Ipsec Lab issues
Closed this issue · 12 comments
Lab 4.3 at point 2, the third command fails:
$ scp ipsec2.example.com.p12 /root/oe-cert.conf root@ipsec2.example.com:/root/
ipsec2.example.com.p12 100% 3750 5.3MB/s 00:00
/root/oe-cert.conf: Permission denied
This is because we are logged into the woirkstation as lab-user, while the command seems to imply we should be logged in the ipsec1 machine.
Lab 4.4 at point 4:
the ping command returns 100% packet loss
Lab 4.4 at point 5:
presumambly because of the above only outBytes reports non-zero.
Lab 4.5 at point 4:
the tcpdump command won't work, it references eth0 when the interface on these VMs is called ens3 (also tcpdump is not installed on ipsec2)
I was not able to disagnose the issue, the troubleshooting lab doesn't point out what to look at and the amount output spewed by ipsec status wasa lot but cryptic to the uninitiated
I'll pick this up in the morning (I'm still in CET).
@lkerner it seems that I cannot get my guid for testing? It assigned me 4eaf, and then instructed me to:
ssh lab-user@workstation-4eaf.rhpds.opentlc.com
but that DNS entry does not seem to work at all.
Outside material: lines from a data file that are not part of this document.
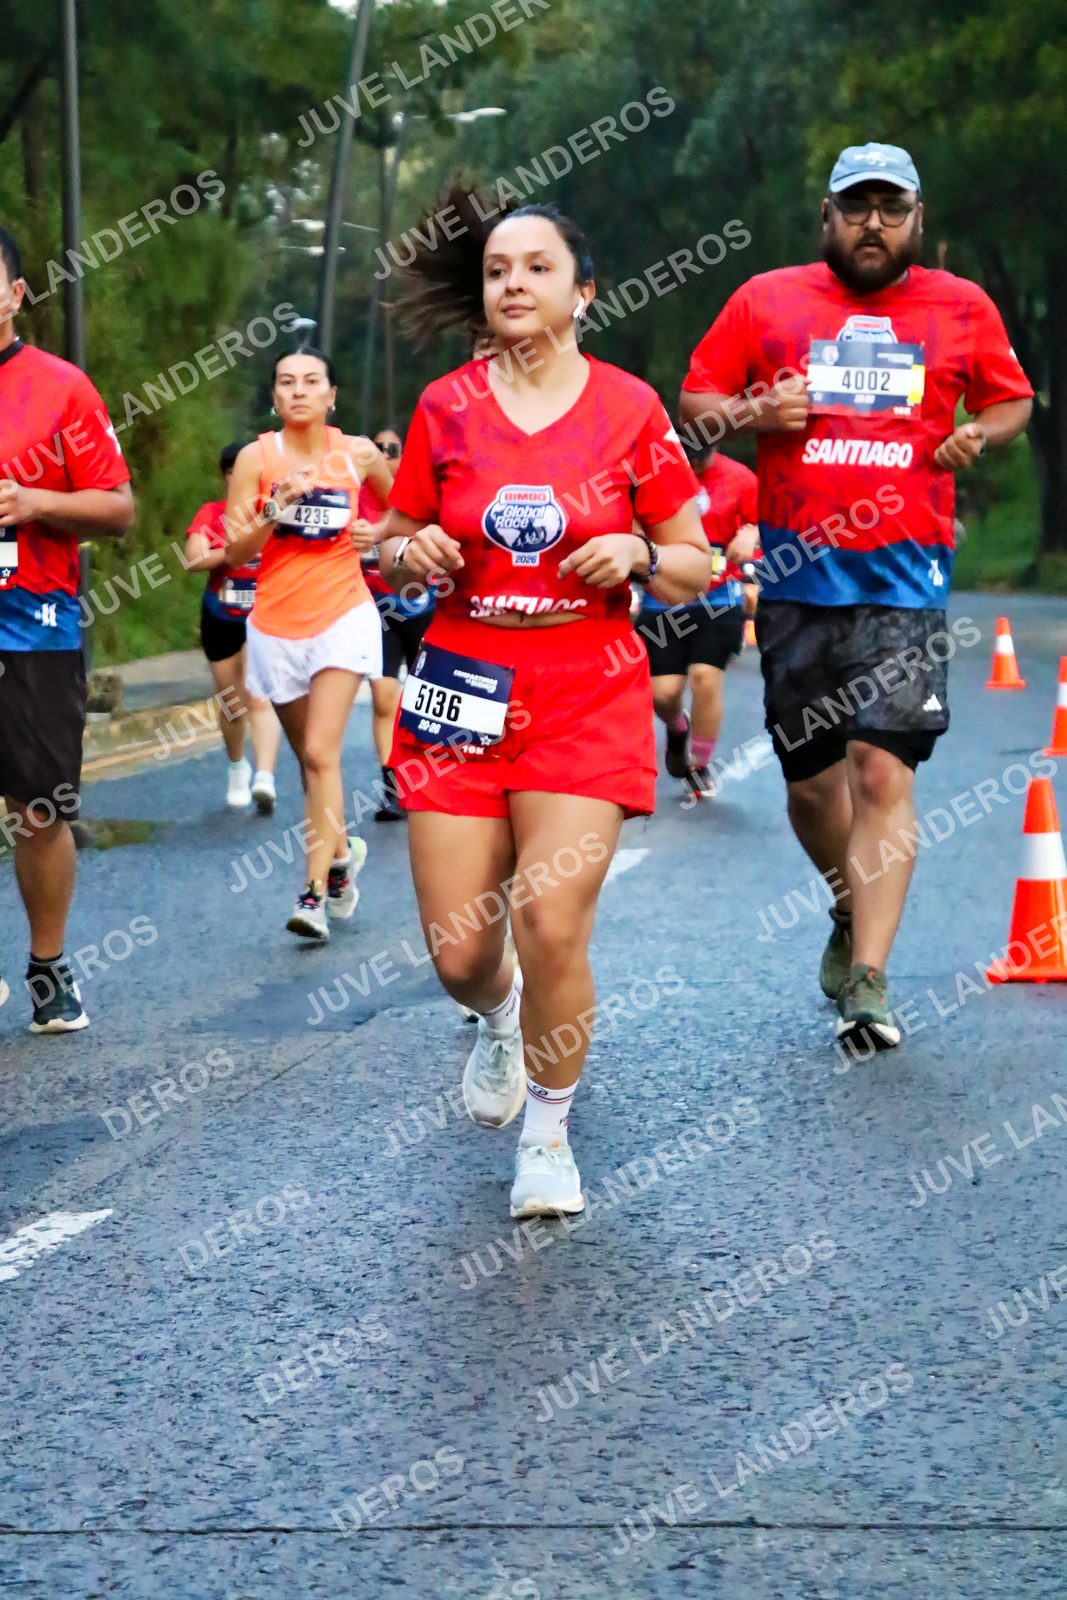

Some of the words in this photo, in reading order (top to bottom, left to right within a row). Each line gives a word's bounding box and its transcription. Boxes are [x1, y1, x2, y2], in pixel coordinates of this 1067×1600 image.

[842, 370, 891, 391] 4002
[802, 438, 913, 469] SANTIAGO
[504, 492, 547, 501] BIMBO
[294, 507, 330, 525] 4235
[503, 505, 546, 518] Global
[495, 517, 529, 529] Race
[515, 554, 537, 564] 2026
[414, 683, 462, 722] 5136
Looking in detail, it seems to be a CNAME record:
workstation-4eaf.rhpds.opentlc.com. 100 IN CNAME 0workstation-summitsppgenericte-vpiyflxp.srv.ravcloud.com.
but that CNAME target itself is non-existent
I added an instruction to wait a few seconds after starting the service that seems to prevent the race condition Simo ended up in.
@letoams I just repeated the lab.
I waited about 5 seconds after starting ipsec on both hosts
ping still fails
please provide instruction to figure out when it is safe to start pinging
also provide instructions on what to do if someone jumps the gun and ping "early", how do I fix the machine ?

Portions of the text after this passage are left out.